Return the data exactly, without pictures.

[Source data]
● ● ● ● ●
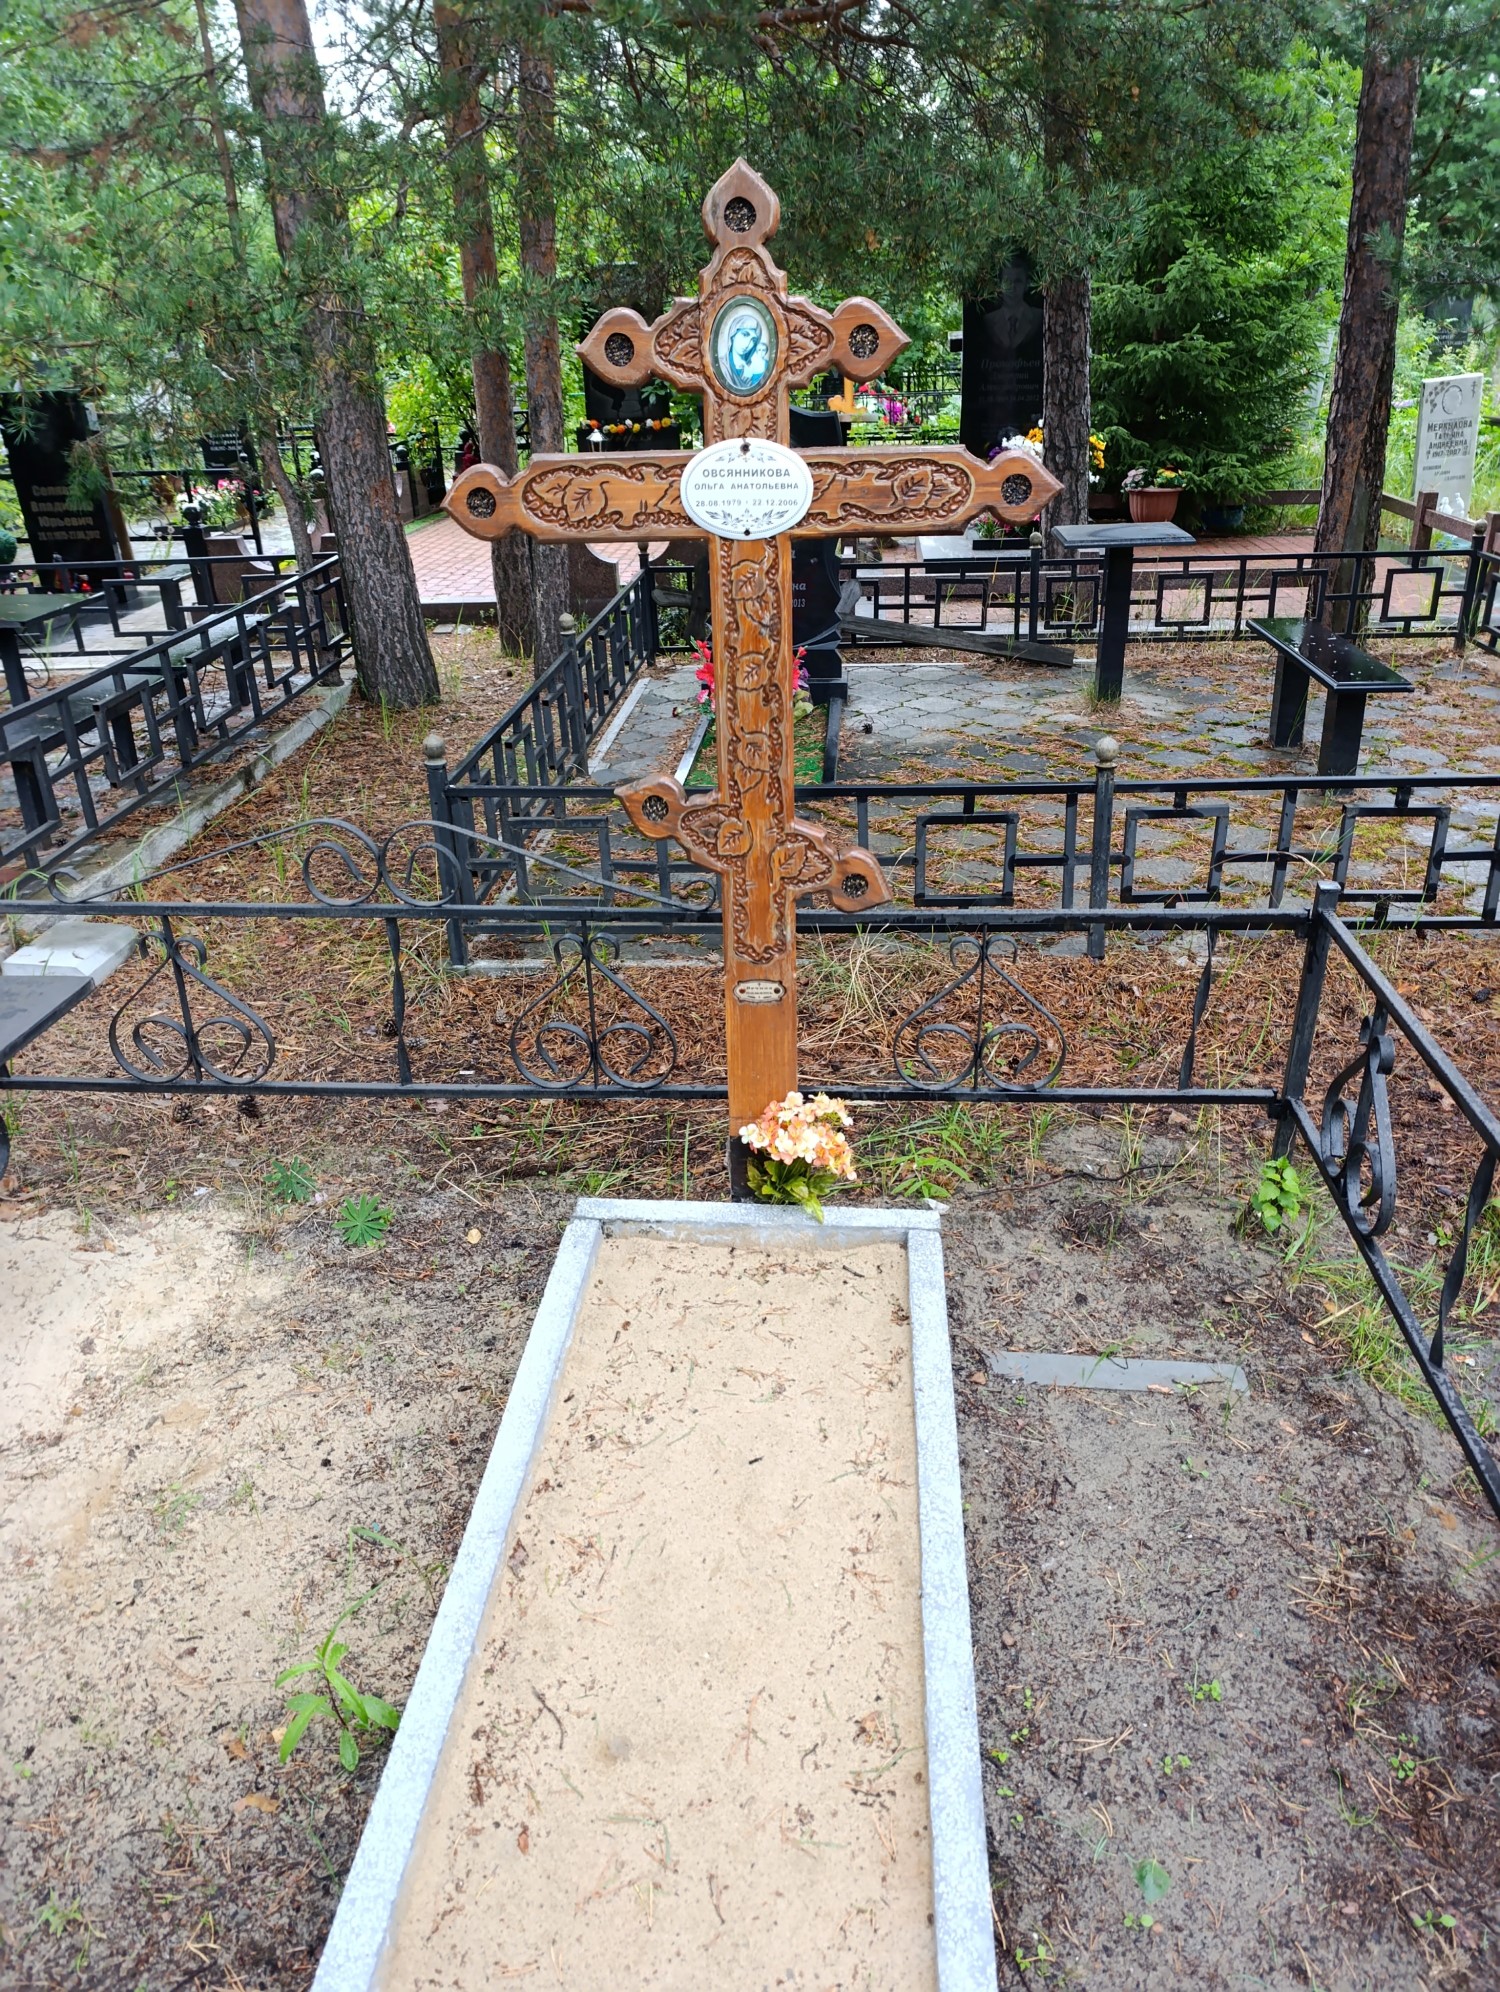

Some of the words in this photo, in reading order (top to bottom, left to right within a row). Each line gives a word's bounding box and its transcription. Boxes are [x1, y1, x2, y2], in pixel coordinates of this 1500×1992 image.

[702, 468, 790, 478] ОВСЯННИКОВА
[694, 482, 725, 491] ОЛЬГА
[730, 482, 799, 491] АНАТОЛЬЕВНА
[696, 499, 742, 508] 28.08.1979
[752, 499, 798, 507] 22.12.2006
[38, 516, 94, 527] Юрьевич
[792, 582, 806, 591] на
[792, 598, 806, 608] 013
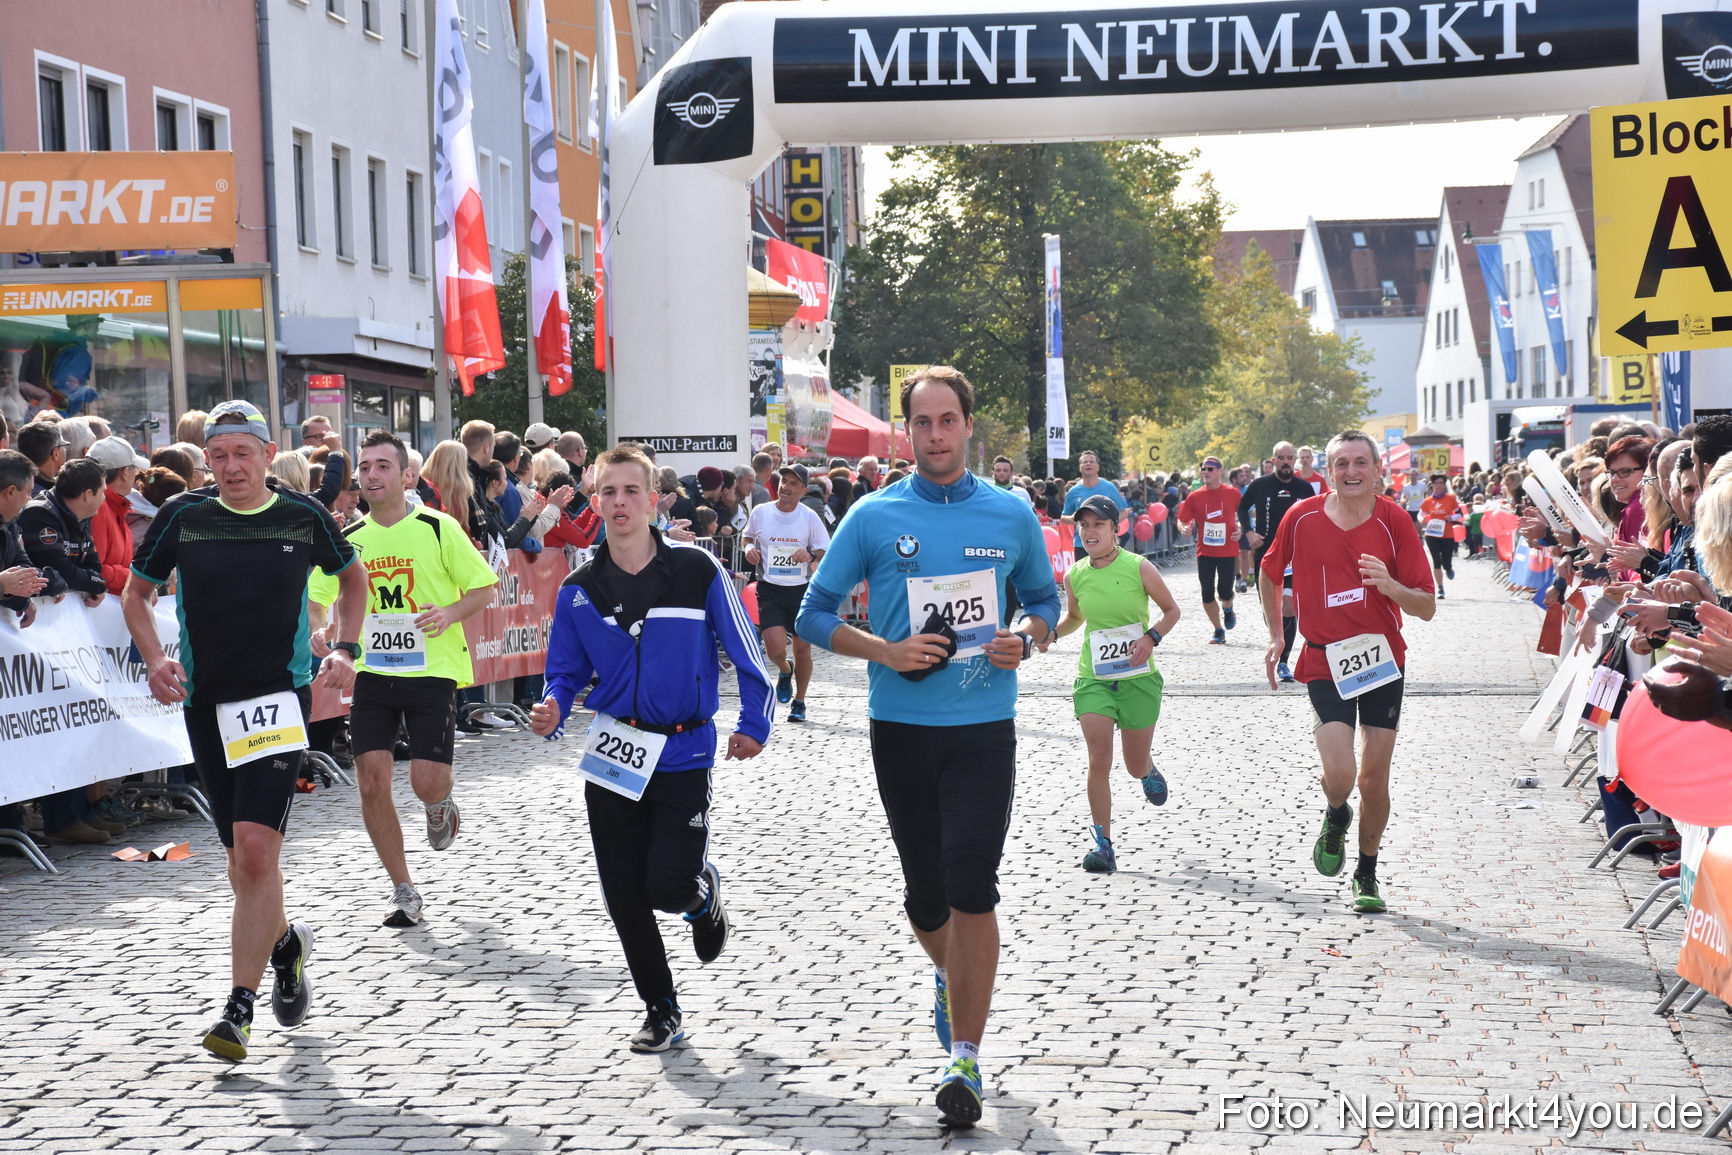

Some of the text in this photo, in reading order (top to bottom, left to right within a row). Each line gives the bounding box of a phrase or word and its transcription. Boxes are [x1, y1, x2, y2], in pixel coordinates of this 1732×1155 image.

[848, 0, 1553, 87] MINI NEUMARKT.
[690, 105, 716, 116] MINI
[0, 178, 215, 226] ARKT.DE
[1634, 175, 1732, 299] A
[3, 289, 153, 310] RUNMARKT.DE
[1623, 361, 1645, 391] B
[644, 436, 733, 451] MINI-Partl.de
[1149, 445, 1160, 462] C
[1438, 454, 1447, 467] D
[1206, 529, 1223, 538] 2512
[964, 547, 1006, 559] BOCK
[363, 555, 414, 571] Müller
[378, 584, 404, 610] M
[1337, 593, 1354, 603] DEHN
[372, 631, 415, 650] 2046
[384, 655, 404, 663] Tobias
[1112, 660, 1131, 670] Nicole
[1339, 645, 1381, 677] 2317
[1357, 671, 1378, 684] Martin
[236, 703, 279, 733] 147
[248, 733, 282, 749] Andreas
[595, 731, 647, 769] 2293
[605, 767, 620, 779] Jan
● ● ● ● ●
Answer to this exercise —
Some of the words in this photo, in reading order (top to bottom, left to right within a row). Each line gives a word's bounding box and its transcription. Boxes are [x1, y1, x2, y2], in pixel coordinates of this 1500×1992 image.

[702, 468, 790, 478] ОВСЯННИКОВА
[694, 482, 725, 491] ОЛЬГА
[730, 482, 799, 491] АНАТОЛЬЕВНА
[696, 499, 742, 508] 28.08.1979
[752, 499, 798, 507] 22.12.2006
[38, 516, 94, 527] Юрьевич
[792, 582, 806, 591] на
[792, 598, 806, 608] 013

Some of the text in this photo, in reading order (top to bottom, left to right within a row). Each line gives the bounding box of a phrase or word and its transcription. Boxes are [x1, y1, x2, y2], in pixel coordinates of this 1732×1155 image.

[848, 0, 1553, 87] MINI NEUMARKT.
[690, 105, 716, 116] MINI
[0, 178, 215, 226] ARKT.DE
[1634, 175, 1732, 299] A
[3, 289, 153, 310] RUNMARKT.DE
[1623, 361, 1645, 391] B
[644, 436, 733, 451] MINI-Partl.de
[1149, 445, 1160, 462] C
[1438, 454, 1447, 467] D
[1206, 529, 1223, 538] 2512
[964, 547, 1006, 559] BOCK
[363, 555, 414, 571] Müller
[378, 584, 404, 610] M
[1337, 593, 1354, 603] DEHN
[372, 631, 415, 650] 2046
[384, 655, 404, 663] Tobias
[1112, 660, 1131, 670] Nicole
[1339, 645, 1381, 677] 2317
[1357, 671, 1378, 684] Martin
[236, 703, 279, 733] 147
[248, 733, 282, 749] Andreas
[595, 731, 647, 769] 2293
[605, 767, 620, 779] Jan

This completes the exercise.